A pharmacist-managed telemedicine intervention for people with uncontrolled hypertension was associated with favorable health and economic outcomes, according to 5-year results of the 450-patient Hyperlink trial.
Home-based telemonitoring is where a blood pressure (BP) monitor is placed in a patient’s home. In home-based telemonitoring, patients self-monitor their own vitals, such as BP and pulse rate, and communicate values to a healthcare provider or clinic either in person, with a self-kept log, or remotely via telephone or e-health-related technology.
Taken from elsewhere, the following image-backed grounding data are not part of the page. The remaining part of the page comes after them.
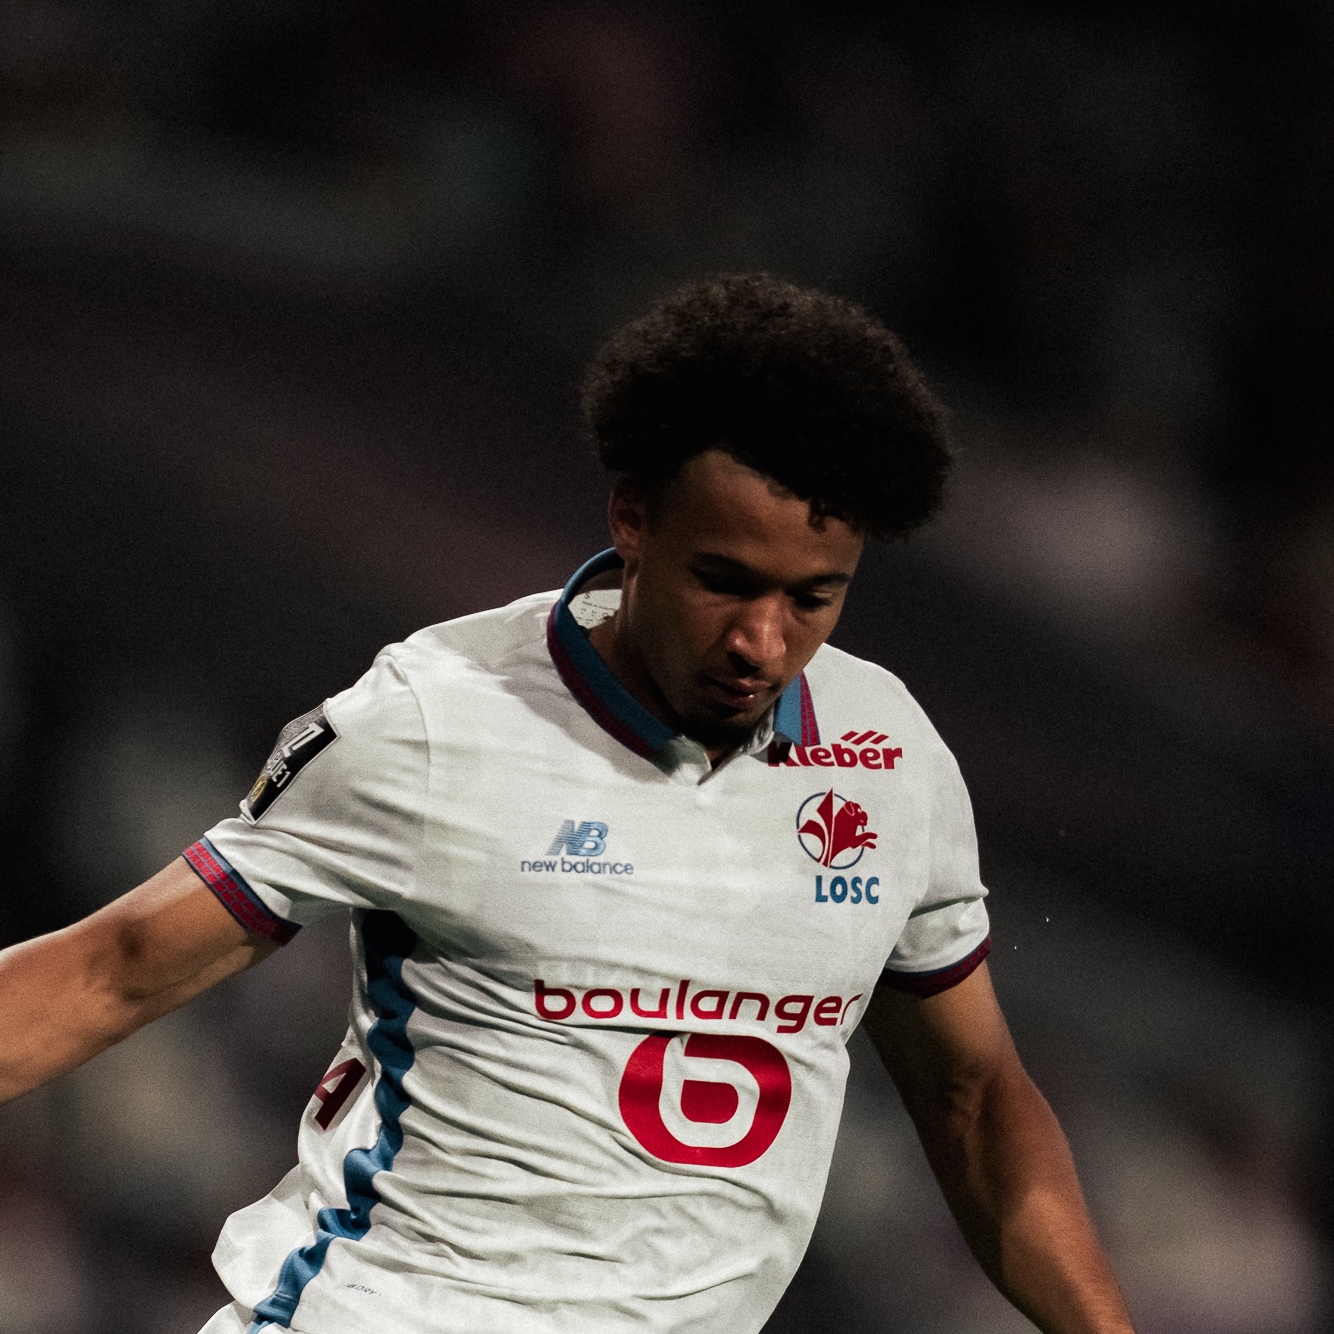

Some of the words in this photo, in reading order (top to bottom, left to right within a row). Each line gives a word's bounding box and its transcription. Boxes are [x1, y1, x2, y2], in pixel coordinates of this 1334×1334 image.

[767, 739, 903, 770] Kleber
[544, 819, 609, 857] NB
[520, 859, 558, 873] new
[561, 857, 634, 875] balance
[814, 874, 880, 904] LOSC
[534, 979, 864, 1034] boulanger
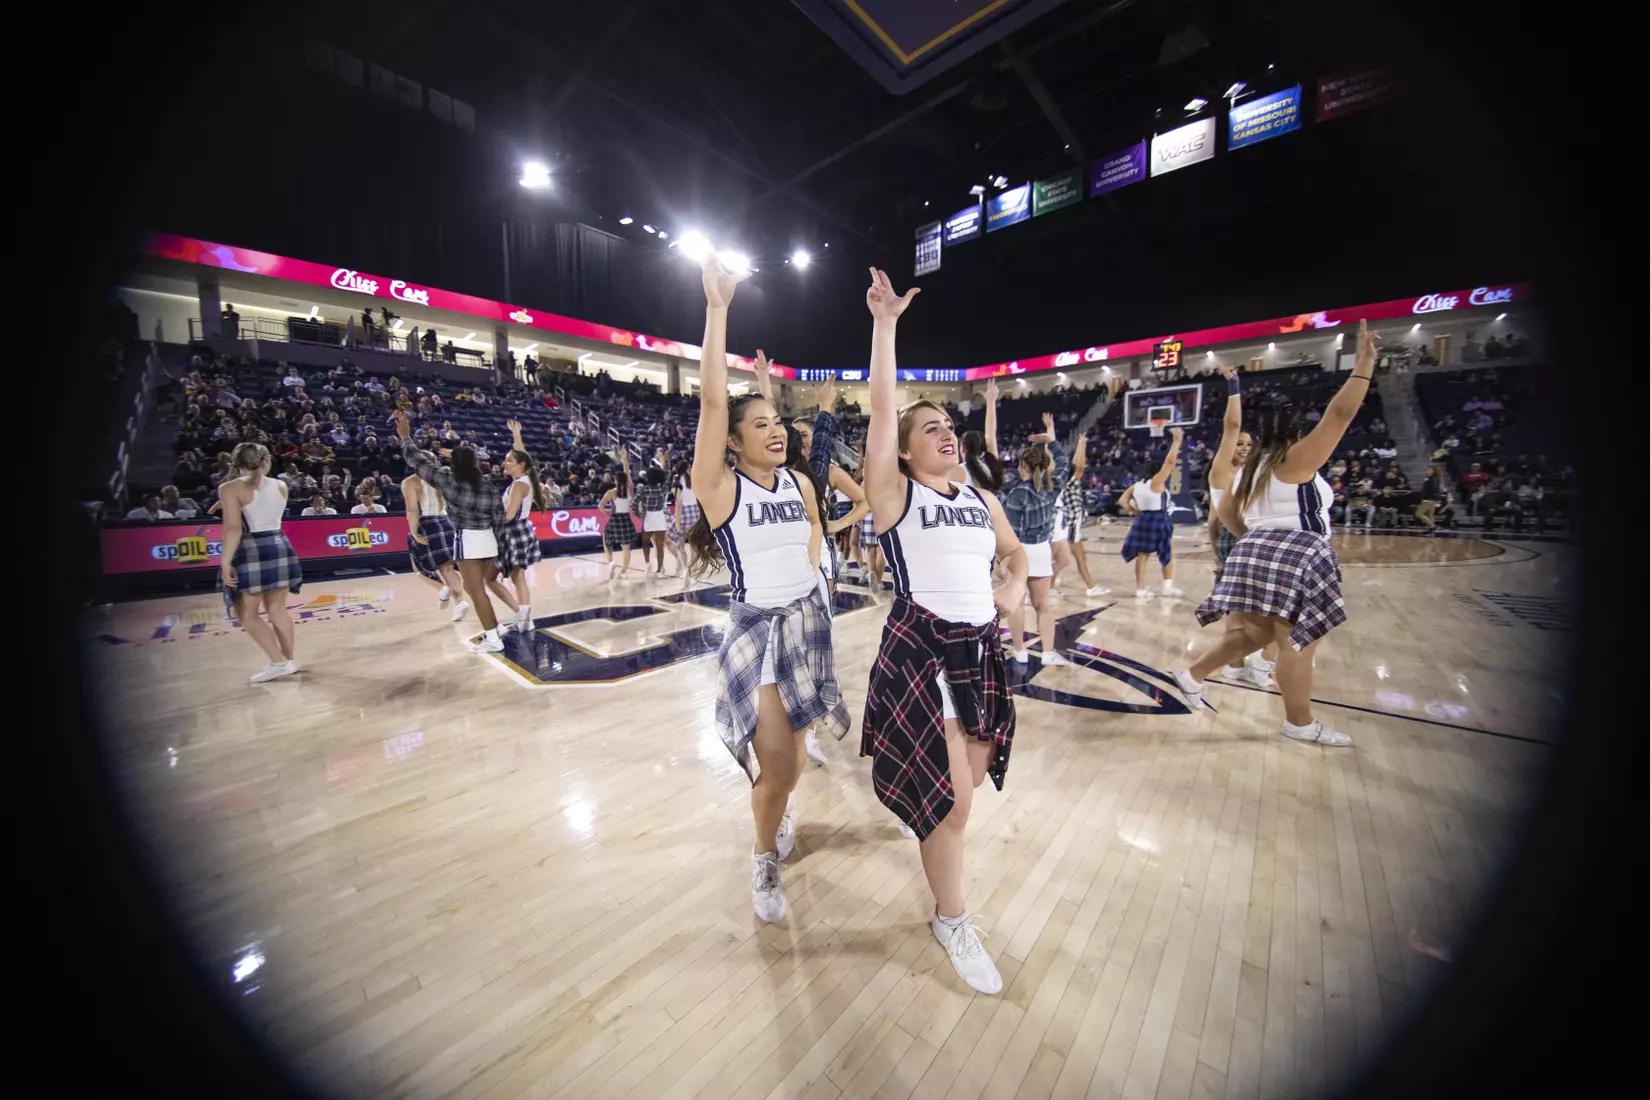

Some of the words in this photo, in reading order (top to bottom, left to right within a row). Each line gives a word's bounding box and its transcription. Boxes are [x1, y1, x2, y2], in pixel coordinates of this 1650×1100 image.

[1233, 122, 1247, 132] OF
[1248, 105, 1297, 127] MISSOURI
[1236, 97, 1293, 122] UNIVERSITY
[1233, 123, 1272, 141] KANSAS
[1274, 115, 1297, 127] CITY
[1158, 133, 1206, 162] WAC
[1101, 163, 1133, 178] CANYON
[1104, 155, 1131, 169] GRAND
[1096, 168, 1139, 188] UNIVERSITY
[330, 268, 380, 296] Kiss
[389, 279, 430, 306] Cam
[1412, 293, 1459, 314] Kiss
[1469, 286, 1513, 306] Cam
[1158, 351, 1178, 367] 23
[842, 370, 862, 380] CBU
[551, 510, 602, 537] Cam
[745, 500, 811, 527] LANCER
[917, 505, 994, 530] LANCER
[333, 531, 385, 549] spOILed
Five-year results from the Hyperlink trial indicate that a pharmacist-managed telemedicine intervention for people with uncontrolled hypertension improved health and economic outcomes. During the 5-year period, people who underwent 6 months of home blood pressure monitoring and regular telephone contact with a pharmacist experienced fewer cardiovascular events (4.4% vs 8.6%) and cardiovascular events including coronary revascularizations (5.3% vs 10.4%).
Managing pharmacists were able to prescribe and change antihypertensive therapy under a specific protocol. Net cost savings of roughly $1,900 per patient were achieved over 5 years. Costs associated with cardiovascular events in the intervention group totaled $758,000, vs. about $1.54 million in the control patients. Learn more.
“This study shows the value of self measured blood pressure monitoring, telehealth, and medication management by a pharmacist. The combination of these factors led to positive outcomes and financial savings, added Jayme Steig, PharmD, RPh; Great Plains QIN Quality Improvement Advisor.